AIM OF THE EXERCISE: The reply should repeat all of the data word for word, with no pictures.

EXTRACTED INFORMATION:

______________________________

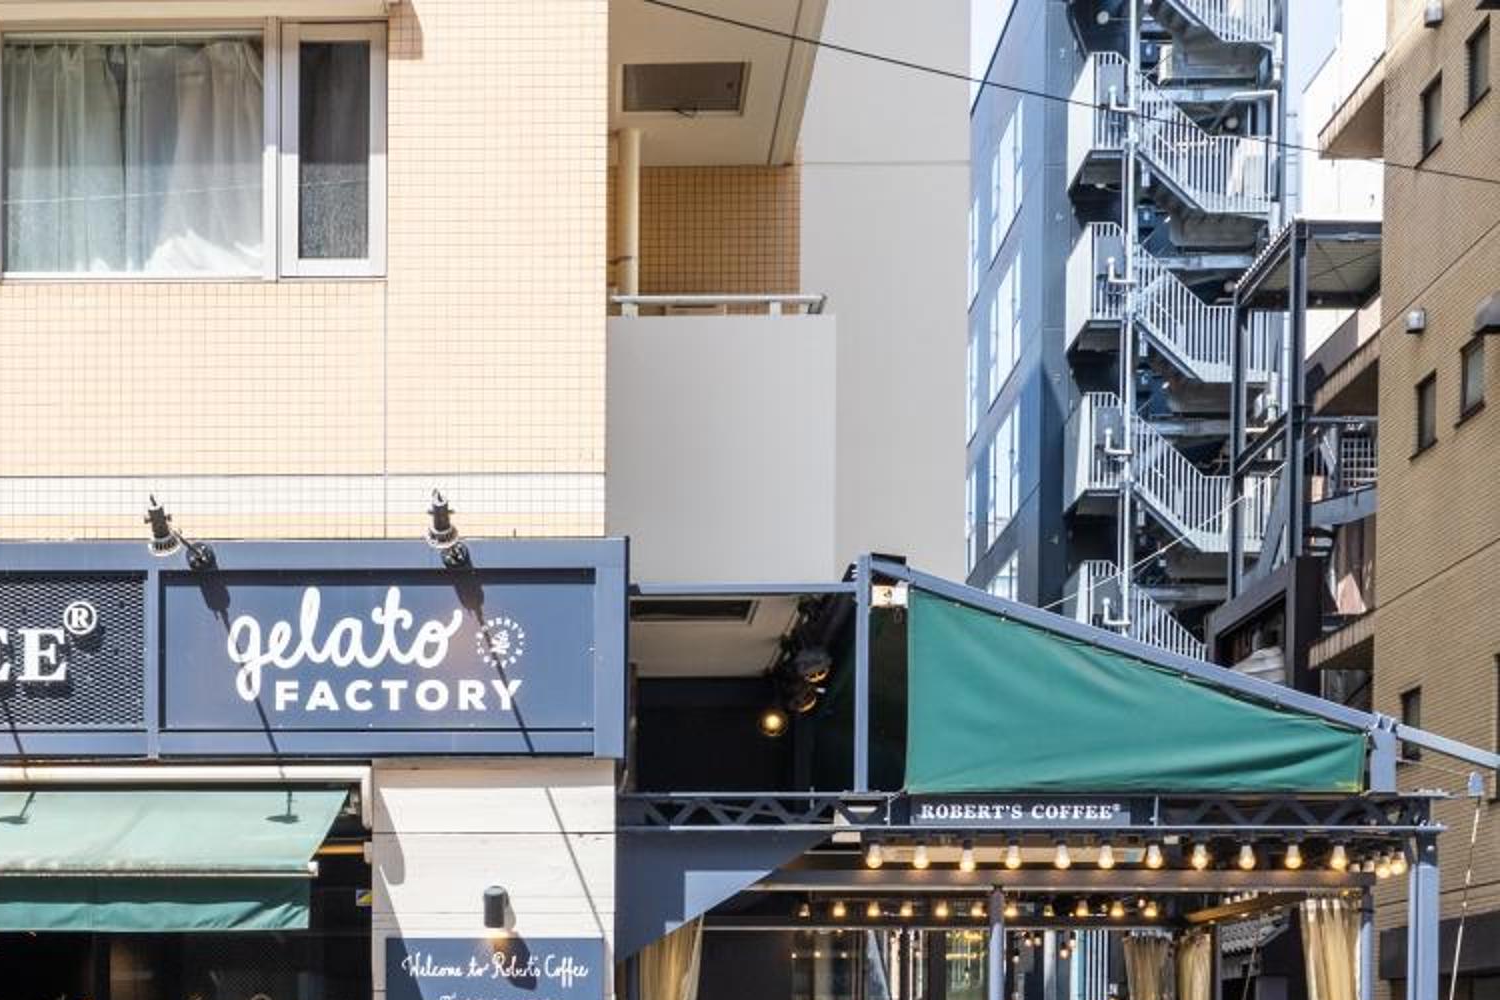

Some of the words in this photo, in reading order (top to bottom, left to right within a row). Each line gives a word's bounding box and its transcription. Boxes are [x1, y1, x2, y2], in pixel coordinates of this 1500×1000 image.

[227, 586, 463, 701] gelato
[275, 680, 523, 711] FACTORY
[920, 803, 1023, 820] ROBERT'S
[401, 951, 463, 978] Welcome
[467, 955, 489, 978] to
[491, 951, 541, 979] Robert's
[544, 954, 589, 989] Coffee
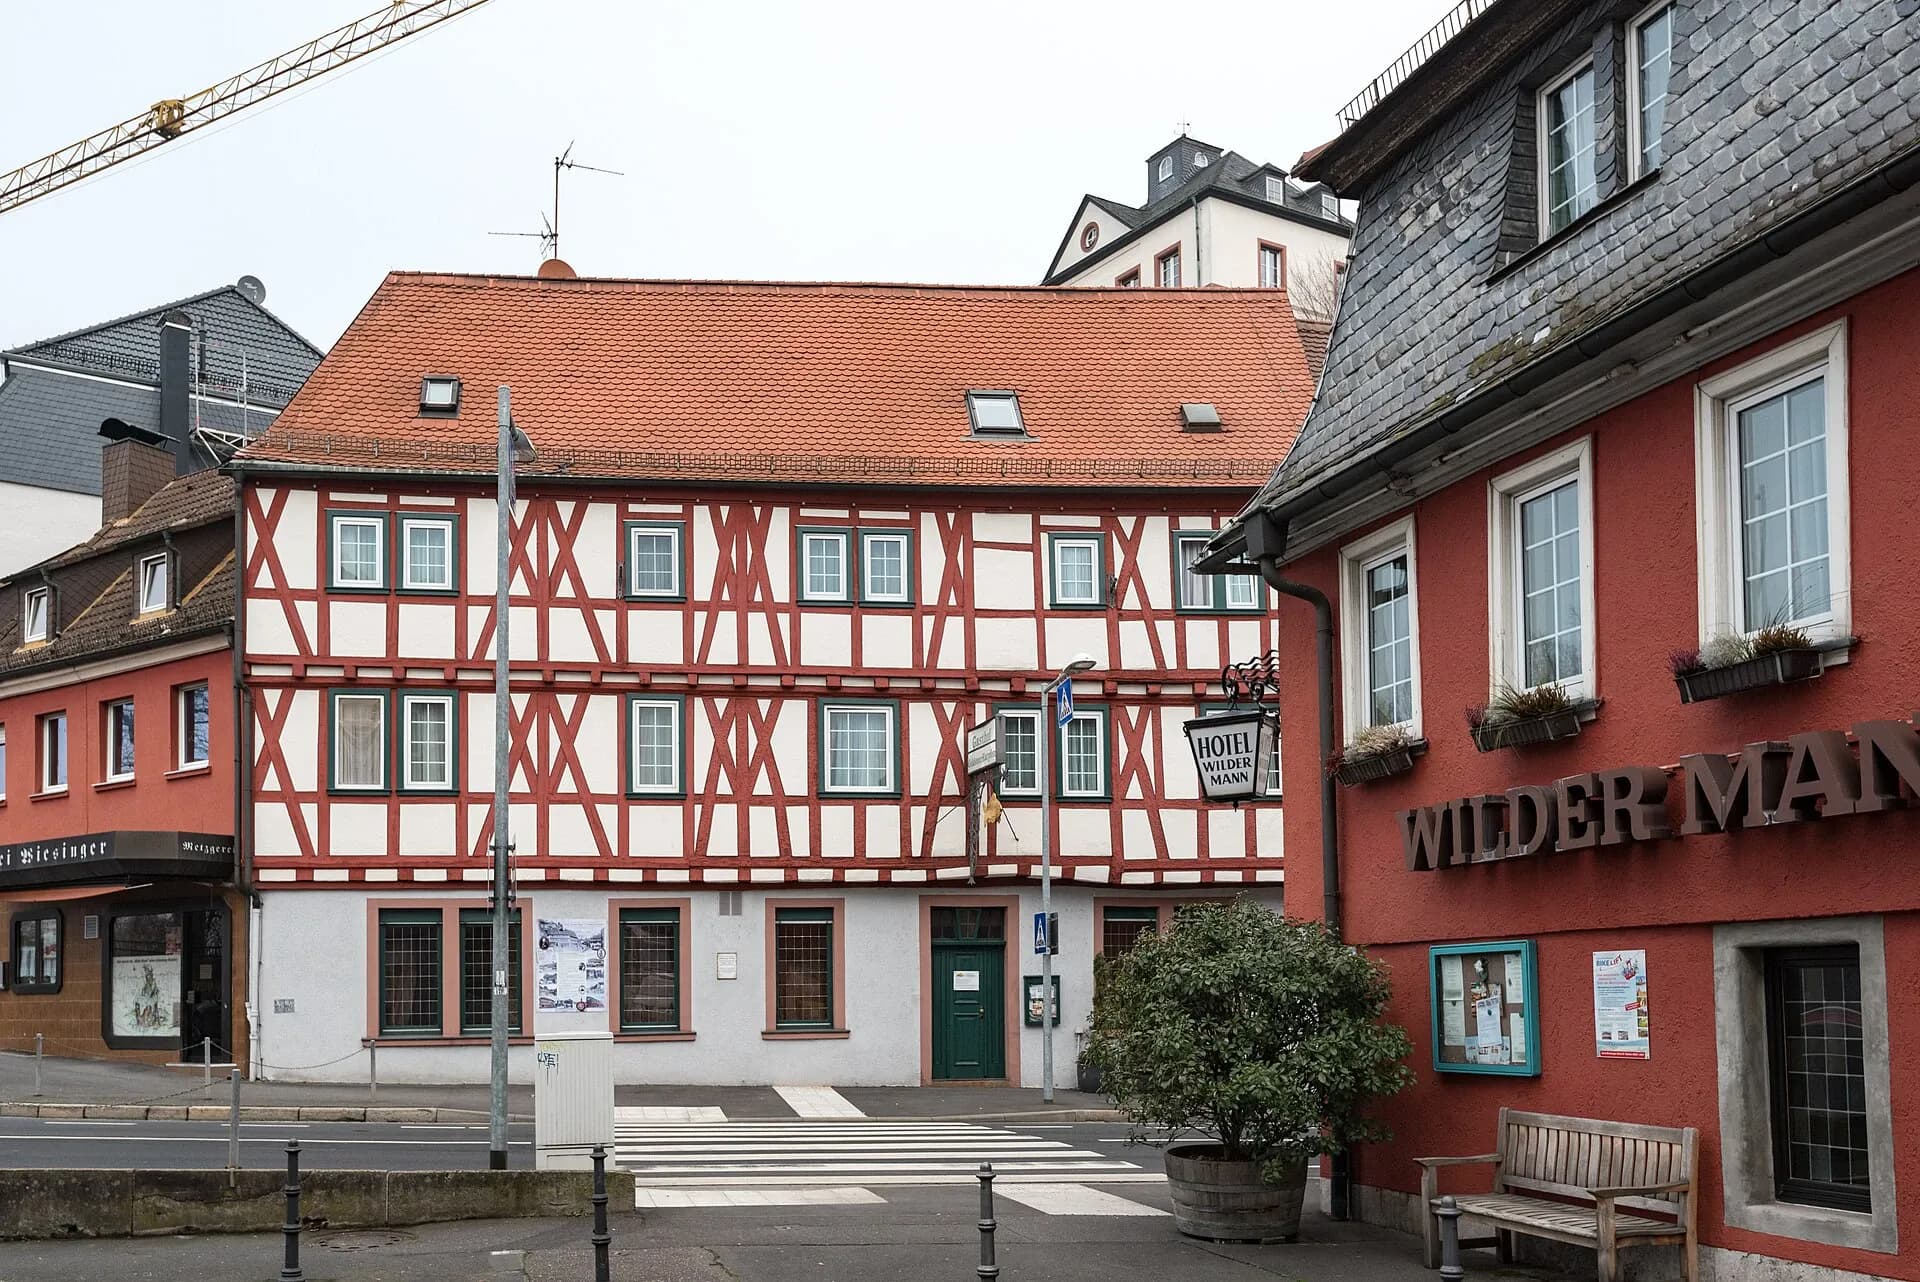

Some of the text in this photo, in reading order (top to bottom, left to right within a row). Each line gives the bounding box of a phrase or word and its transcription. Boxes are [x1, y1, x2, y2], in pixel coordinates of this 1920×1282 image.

[1198, 732, 1253, 760] HOTEL
[1203, 757, 1252, 773] WILDER
[1211, 772, 1249, 787] MANN
[1399, 767, 1672, 871] WILDER
[20, 842, 107, 864] Wiesinger

______________________________

RESULT FOR THIS EXERCISE:
Some of the words in this photo, in reading order (top to bottom, left to right within a row). Each line gives a word's bounding box and its transcription. Boxes are [x1, y1, x2, y2], in pixel coordinates of this 1500×1000 image.

[227, 586, 463, 701] gelato
[275, 680, 523, 711] FACTORY
[920, 803, 1023, 820] ROBERT'S
[401, 951, 463, 978] Welcome
[467, 955, 489, 978] to
[491, 951, 541, 979] Robert's
[544, 954, 589, 989] Coffee

Some of the text in this photo, in reading order (top to bottom, left to right within a row). Each line gives the bounding box of a phrase or word and its transcription. Boxes are [x1, y1, x2, y2], in pixel coordinates of this 1920×1282 image.

[1198, 732, 1253, 760] HOTEL
[1203, 757, 1252, 773] WILDER
[1211, 772, 1249, 787] MANN
[1399, 767, 1672, 871] WILDER
[20, 842, 107, 864] Wiesinger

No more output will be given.